L’année 2005 a été marquée par « le Plan Directeur 2006-2008 ». Iberia a atteint des records de bénéfices, mais dit vivre une mauvaise période à cause de la concurrence de compagnies de hard discount (comme Ryan Air, par exemple), qui offrent des vols bon marché. Par cette excuse, elle veut réduire les salaires et fait travailler davantage ses employés pour gagner encore plus d’argent.
On peut souligner parmi ces mesures : une perte de 10 % du salaire, 3 jours de travail annuel supplémentaire, la perte des augmentations légales tous les 3 ans (trienios) de 7 %, qui passeront maintenant à 5 ans (quinquenios) avec une réduction de leur taux à 3 %.
Comme toujours, du côté de la direction, on trouve les grands syndicats bourgeois : CCOO, UGT, USO. Et comme toujours, les travailleurs sont seuls dans leur souci de ne pas voir réduits leurs droits, déjà maigres. Mais à Iberia, beaucoup de travailleurs ont pris conscience du fait qu’il y a une autre façon de s’organiser.
L’expérience leur a démontré qu’ils peuvent se passer de ces syndicats et atteindre leurs objectifs. L’implantation de la CNT et l’appui d’autres syndicats comme la CGT, la CTA, la CISA, le SEPHA et l’Intersyndical des Canaries, ont amené les travailleurs à avoir une conscience de classe et à se mobiliser contre la réforme de leurs contrats.
Depuis le 22 décembre, ont lieu tous les jeudis des grèves, d’abord de 3 heures, puis de 6 heures actuellement, que l’on met à profit pour boycotter le fonctionnement des aéroports et pour manifester.
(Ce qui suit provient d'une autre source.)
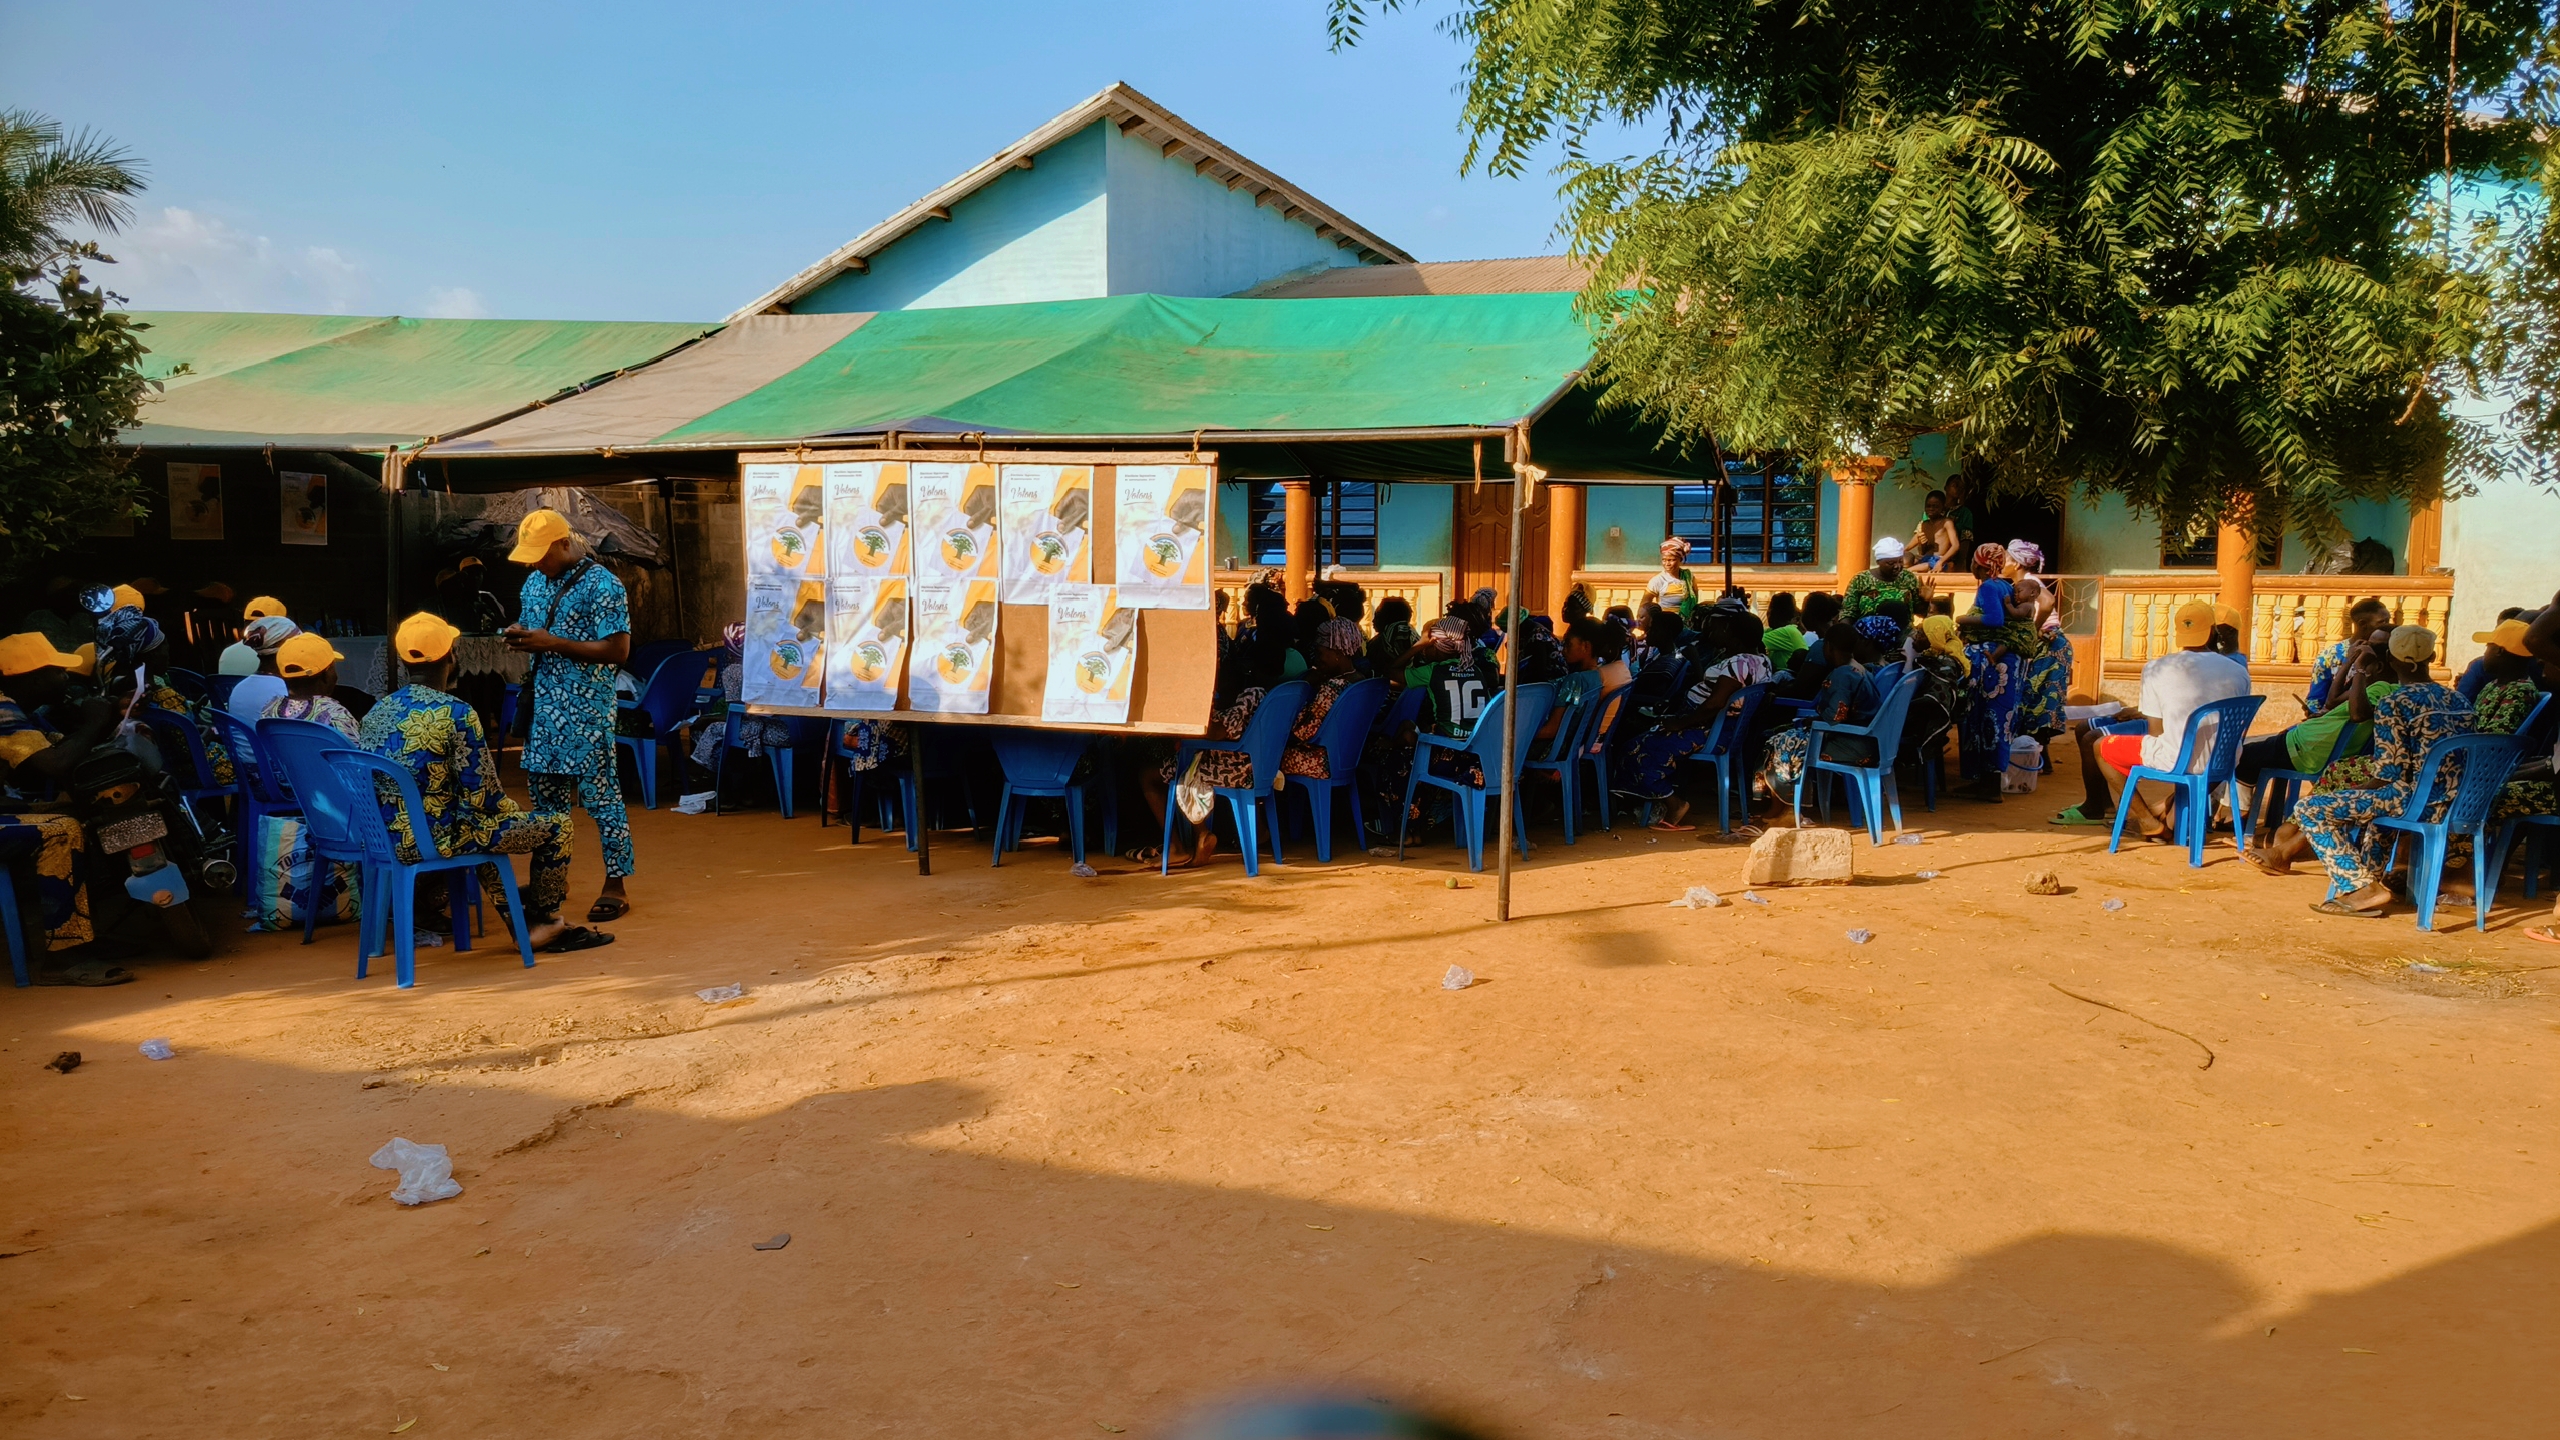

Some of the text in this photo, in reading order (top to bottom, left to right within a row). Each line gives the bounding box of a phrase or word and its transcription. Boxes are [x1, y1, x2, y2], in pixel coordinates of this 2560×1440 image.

[752, 484, 777, 497] Votons
[834, 483, 860, 496] Votons
[920, 485, 947, 498] Votons
[1010, 486, 1038, 499] Votons
[1124, 488, 1153, 501] Votons
[755, 596, 780, 609] Votons
[835, 598, 860, 612] Votons
[921, 598, 948, 612] Votons
[1057, 606, 1087, 620] Votons
[277, 851, 300, 871] TOP
L’assistance à ces manifestations augmente de semaine en semaine et les protestations sont de plus en plus radicales. Quelque mille travailleurs se sont concentrés à Madrid (soutenus par de nombreux compagnons de la CNT), arrivant même à bloquer une des plus importantes autoroutes de la capitale, la « Nacional II », qui unit Madrid à Barcelone. La compagnie, de son côté, fait partir les avions sans valise, avec un préjudice conséquent pour les voyageurs. Mais même ainsi, elle est incapable de contrôler les énormes retards provoqués par les grèves.
Pendant ces grèves, l’UGT, pour sa part, a organisé un concert où elle a invité des dirigeants du gouvernement et de l’entreprise, pour diviser les travailleurs et réduire l’assistance aux mobilisations.
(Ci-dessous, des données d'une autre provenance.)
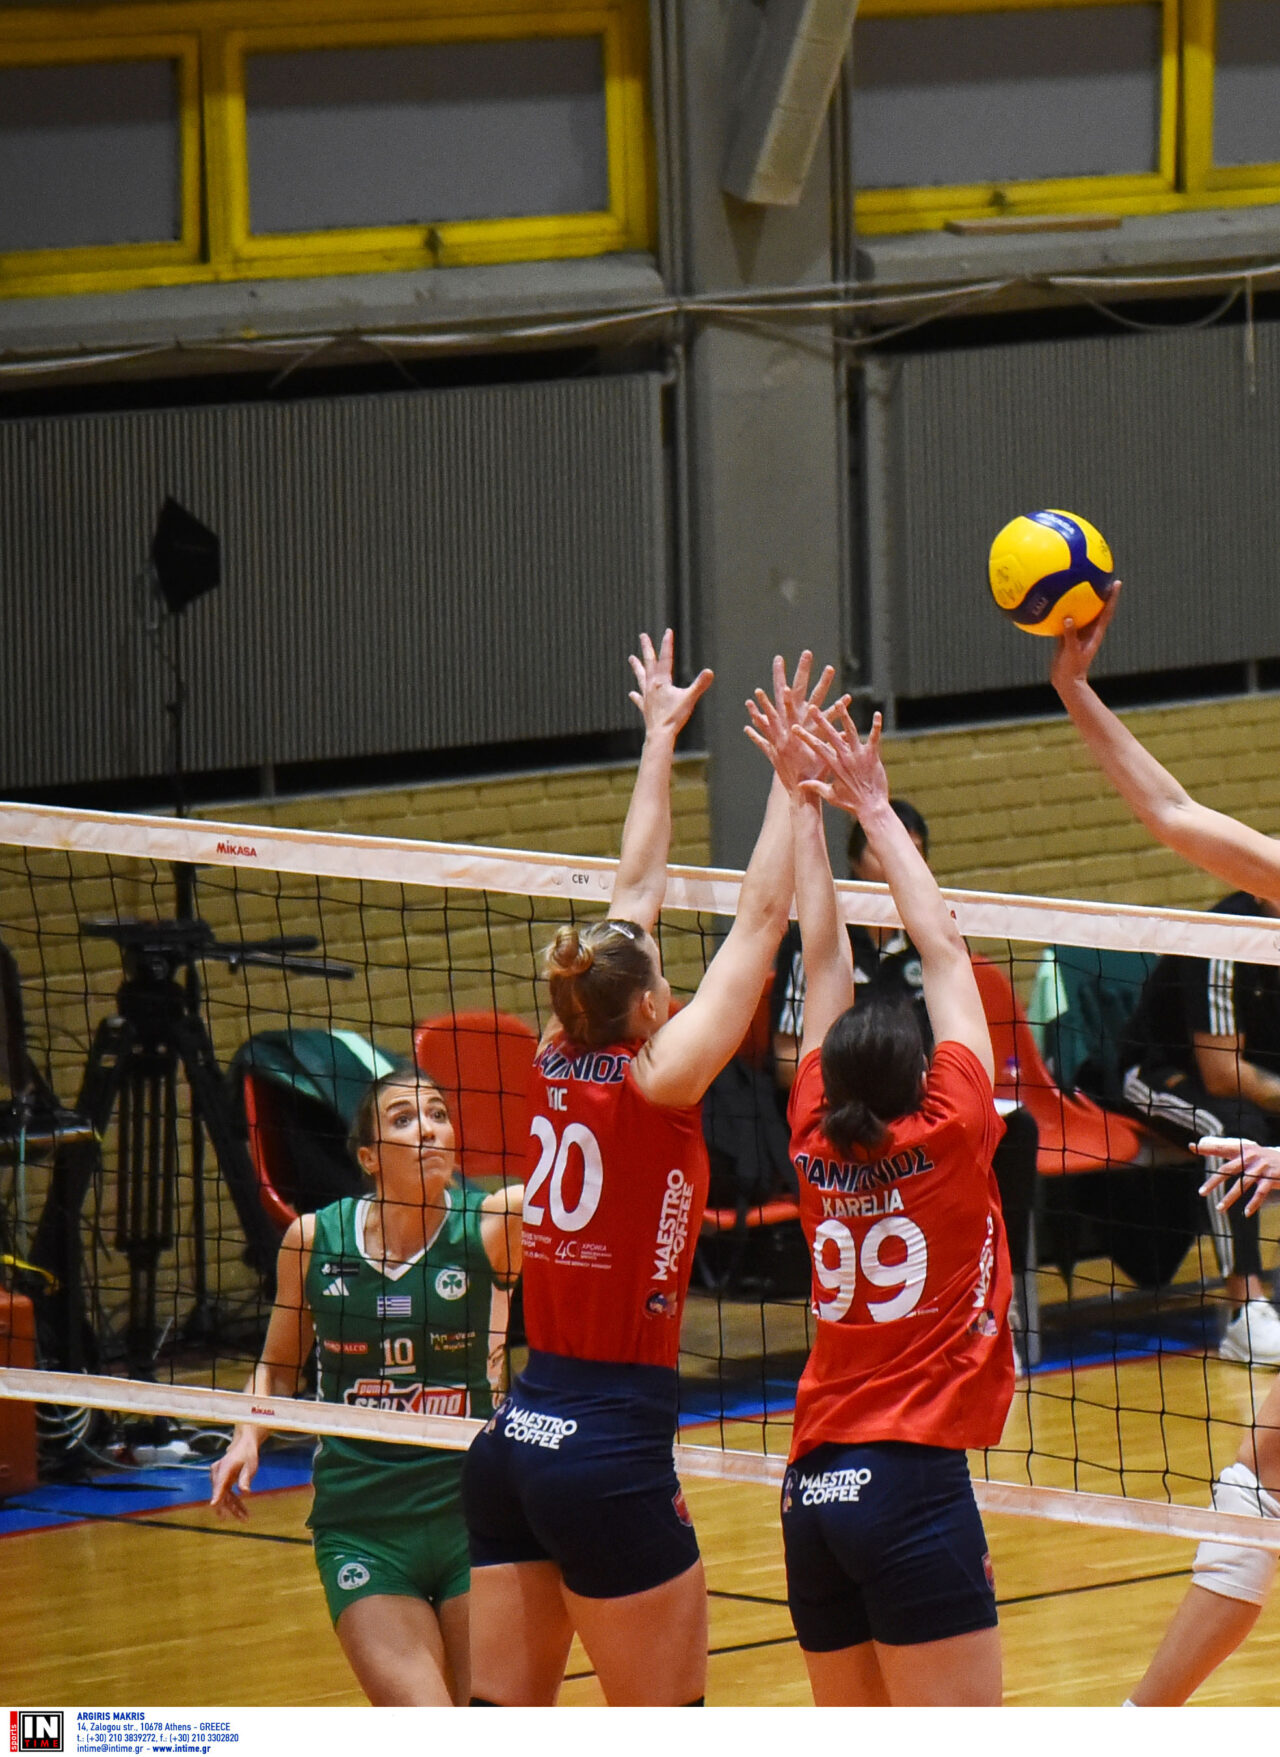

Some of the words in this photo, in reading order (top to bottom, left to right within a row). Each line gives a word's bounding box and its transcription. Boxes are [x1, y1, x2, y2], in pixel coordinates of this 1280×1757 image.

[571, 873, 590, 885] CEV
[522, 1115, 604, 1232] 20
[821, 1188, 904, 1218] KARELIA
[651, 1168, 685, 1281] MAESTRO
[669, 1182, 694, 1272] COFFEE
[812, 1216, 928, 1323] 99
[380, 1337, 415, 1366] 10
[504, 1422, 564, 1450] COFFEE
[505, 1407, 577, 1436] MAESTRO
[800, 1468, 871, 1491] MAESTRO
[802, 1484, 860, 1506] COFFEE
Si l’union entre chefs d’entreprise et syndicats bourgeois est évidente, l’union de ces deux est avec l’État aussi évidente ; en effet le 19 janvier, alors que 800 travailleurs se dirigeaient vers la rue Velazquez où se trouve le siège de l’entreprise, ils ont été brutalement attaqués par la police. Deux travailleurs ont dû être emmenés à l’hôpital et un troisième a été arrêté, frappé et a subi des humiliations dans la cellule où il a été transféré.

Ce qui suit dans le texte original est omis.